**What is required**
Every entry in the data that follows should come back exactly, pictures aside.

**Records shown**
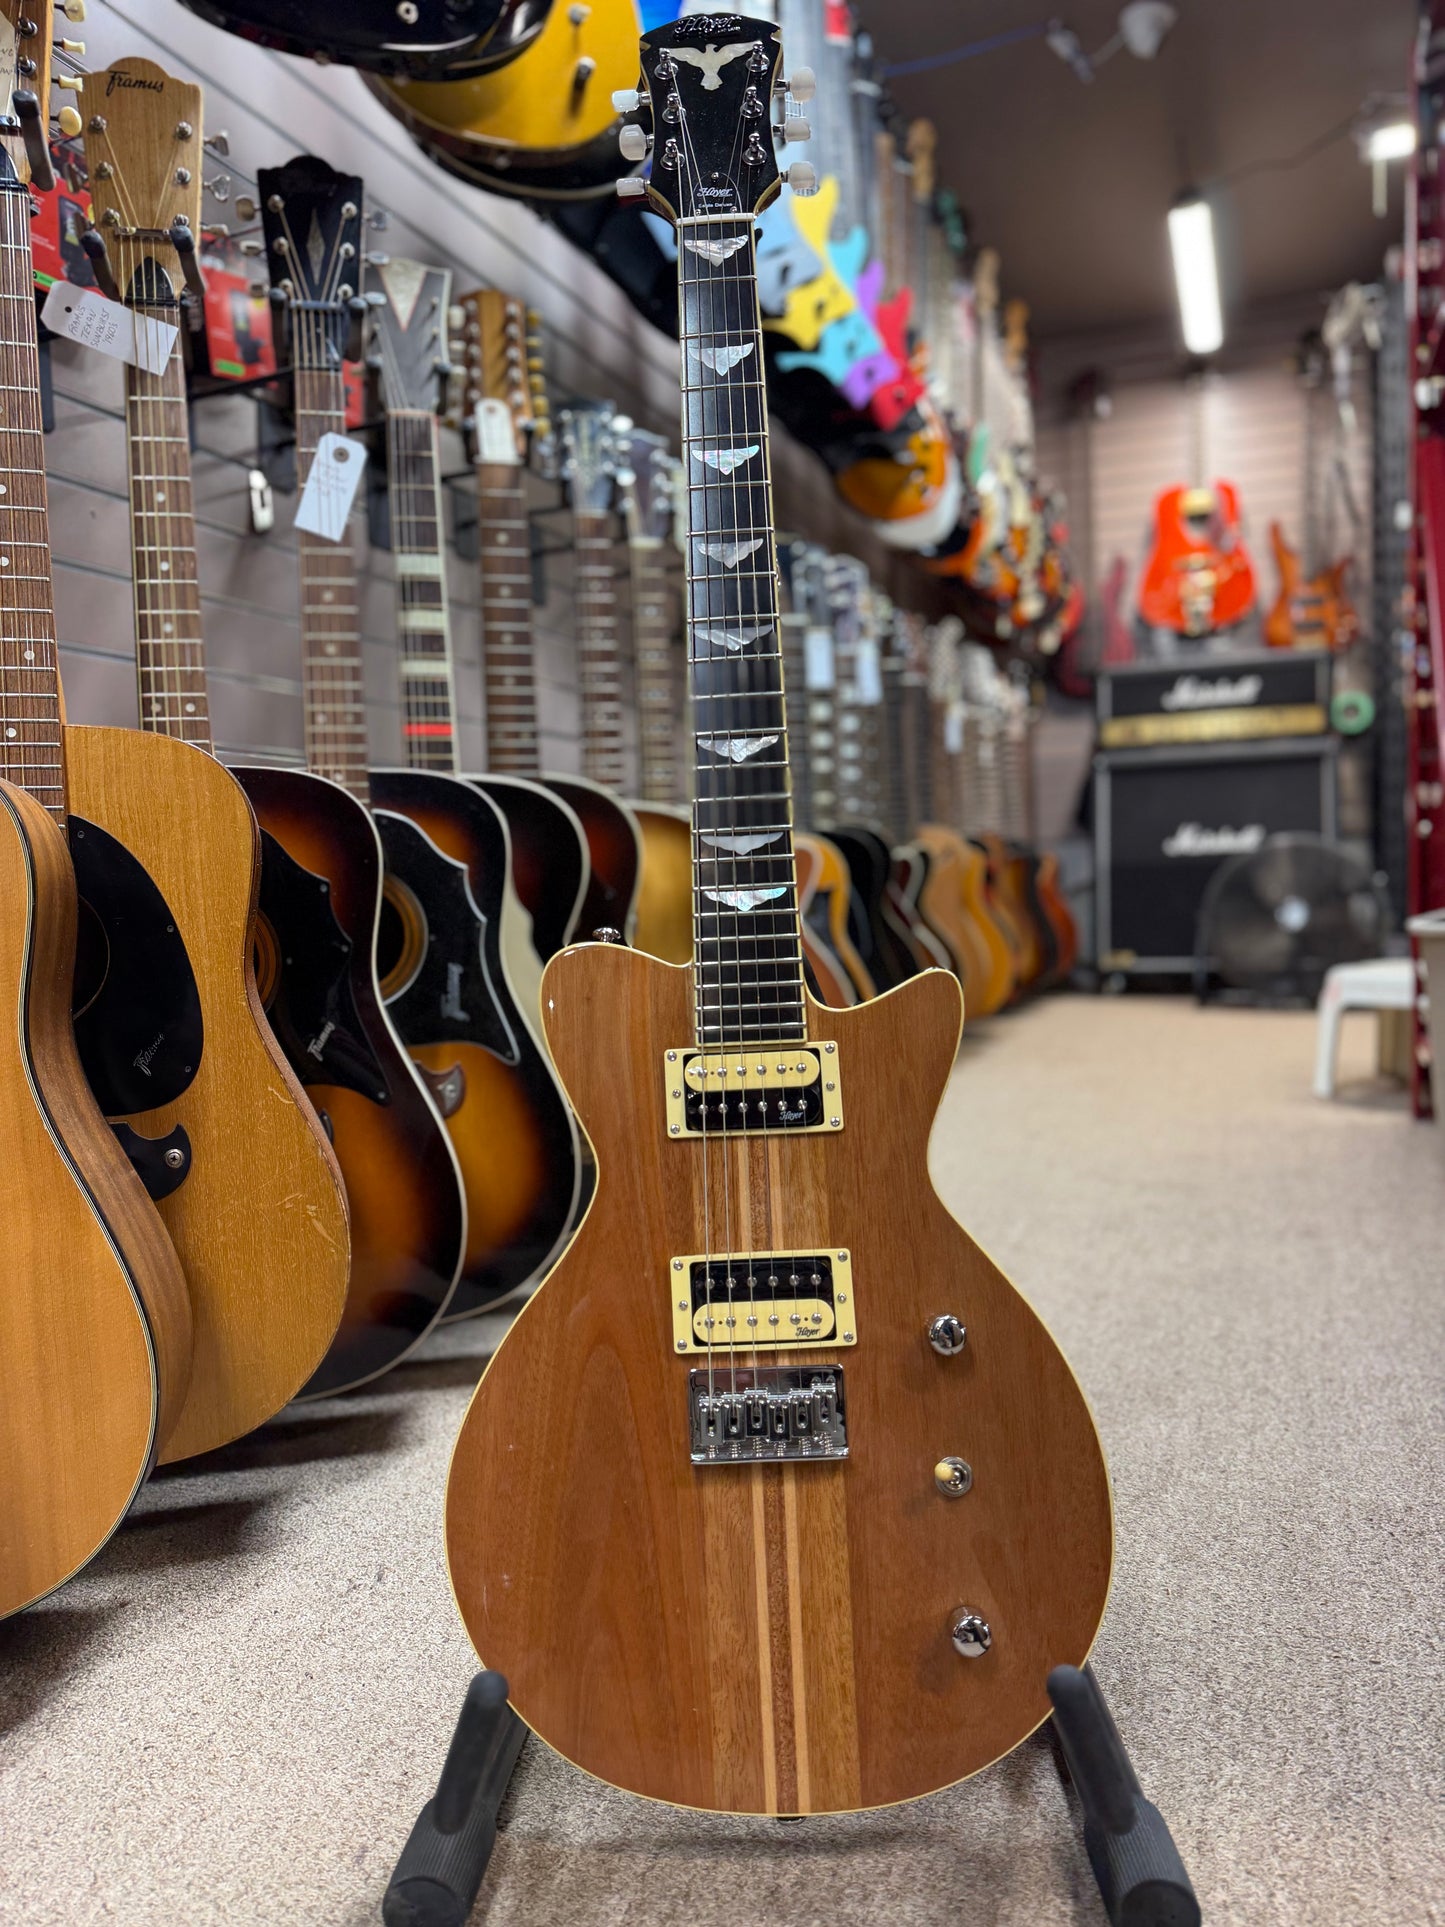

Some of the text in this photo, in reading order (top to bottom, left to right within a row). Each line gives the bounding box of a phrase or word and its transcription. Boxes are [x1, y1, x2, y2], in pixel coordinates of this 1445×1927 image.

[106, 70, 164, 97] Framus
[697, 187, 733, 197] Hoyer
[80, 308, 97, 339] TEXAN
[90, 307, 110, 348] SUNBURST
[779, 1110, 804, 1121] Hoyer
[795, 1326, 821, 1338] Hoyer
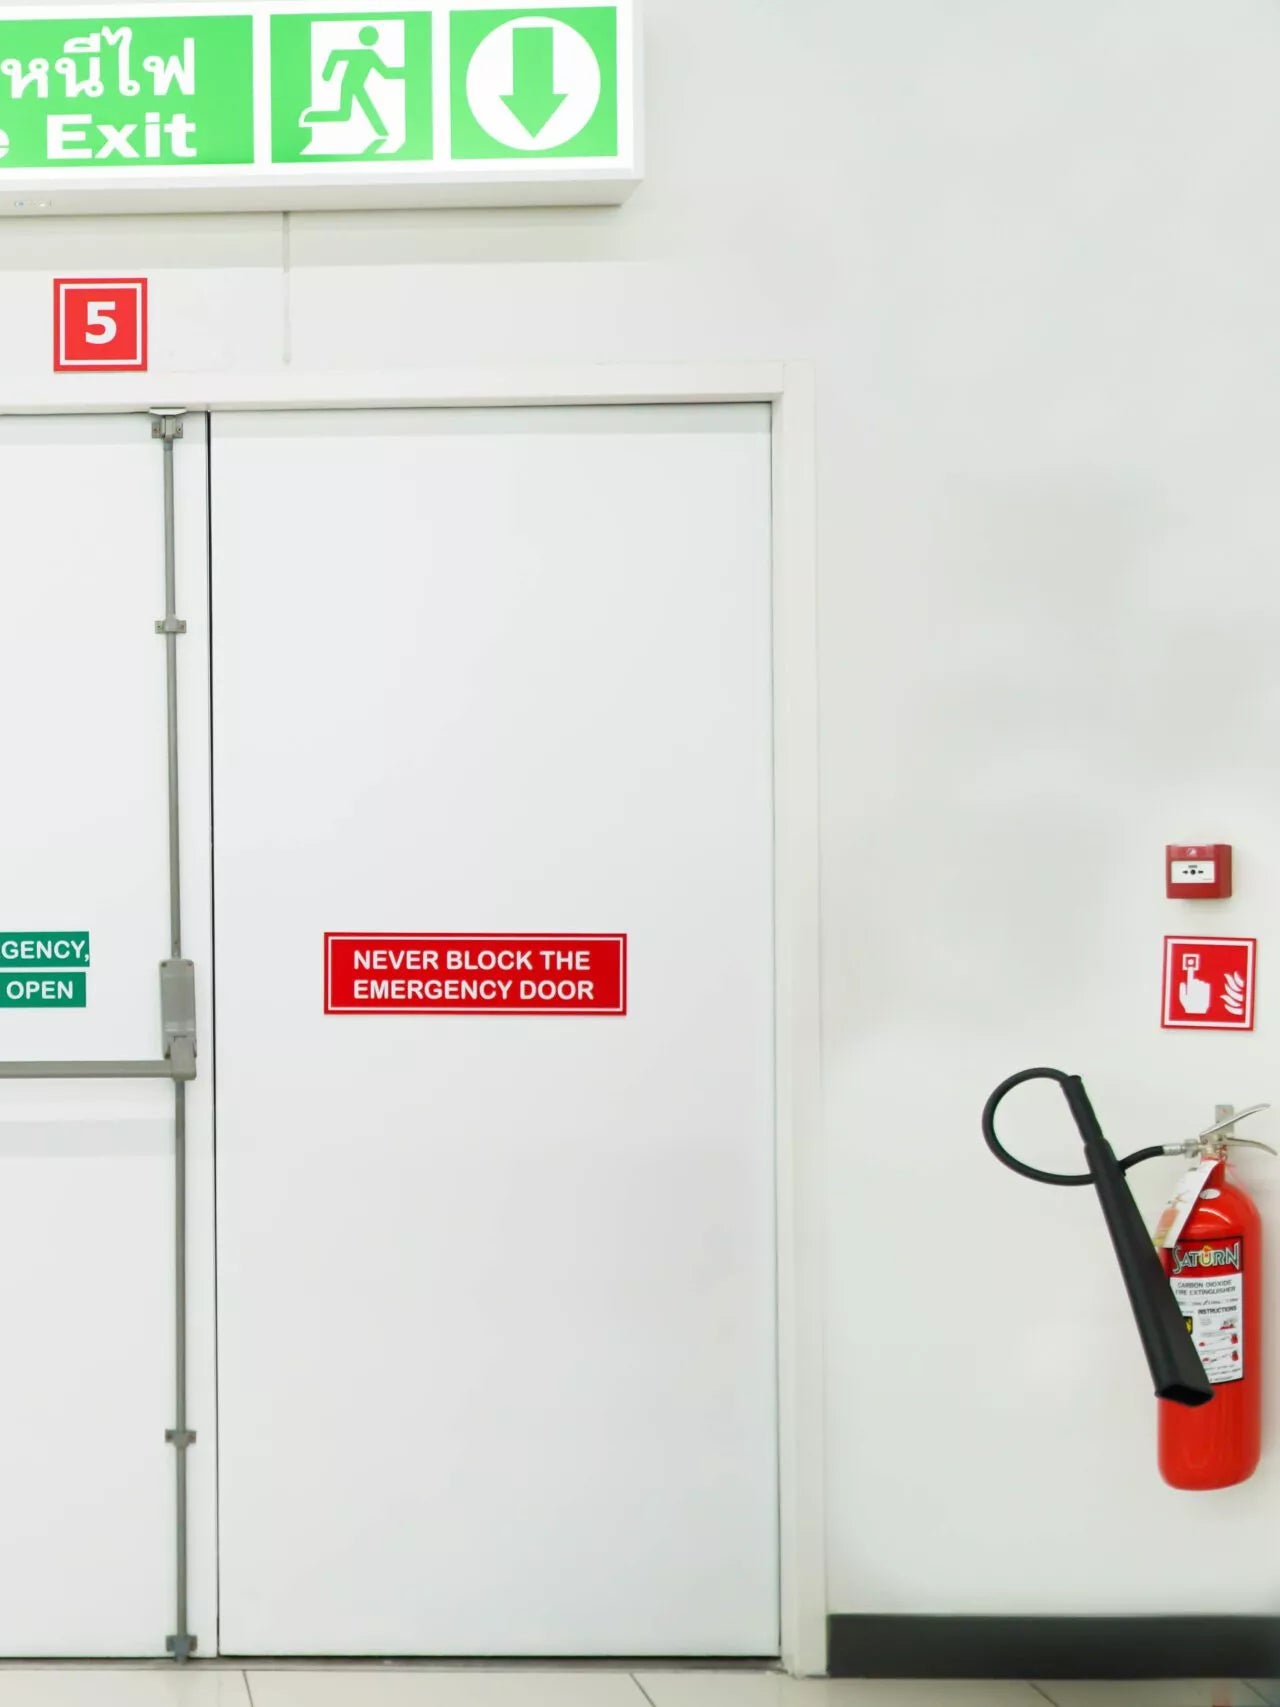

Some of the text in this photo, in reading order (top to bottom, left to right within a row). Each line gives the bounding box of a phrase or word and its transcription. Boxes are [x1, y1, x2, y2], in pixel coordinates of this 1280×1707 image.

**Expected answer**
Some of the text in this photo, in reading order (top to bottom, left to right within a row). Each line gives the bounding box of a phrase or word and its transcription. Boxes are [x1, y1, x2, y2], in pixel coordinates of this 1445×1927 image.

[106, 70, 164, 97] Framus
[697, 187, 733, 197] Hoyer
[80, 308, 97, 339] TEXAN
[90, 307, 110, 348] SUNBURST
[779, 1110, 804, 1121] Hoyer
[795, 1326, 821, 1338] Hoyer

Some of the text in this photo, in reading order (top to bottom, left to right within a row). Each line gives the bounding box of a phrase or word and its transcription. Boxes are [x1, y1, x2, y2], in pixel coordinates of this 1280×1707 image.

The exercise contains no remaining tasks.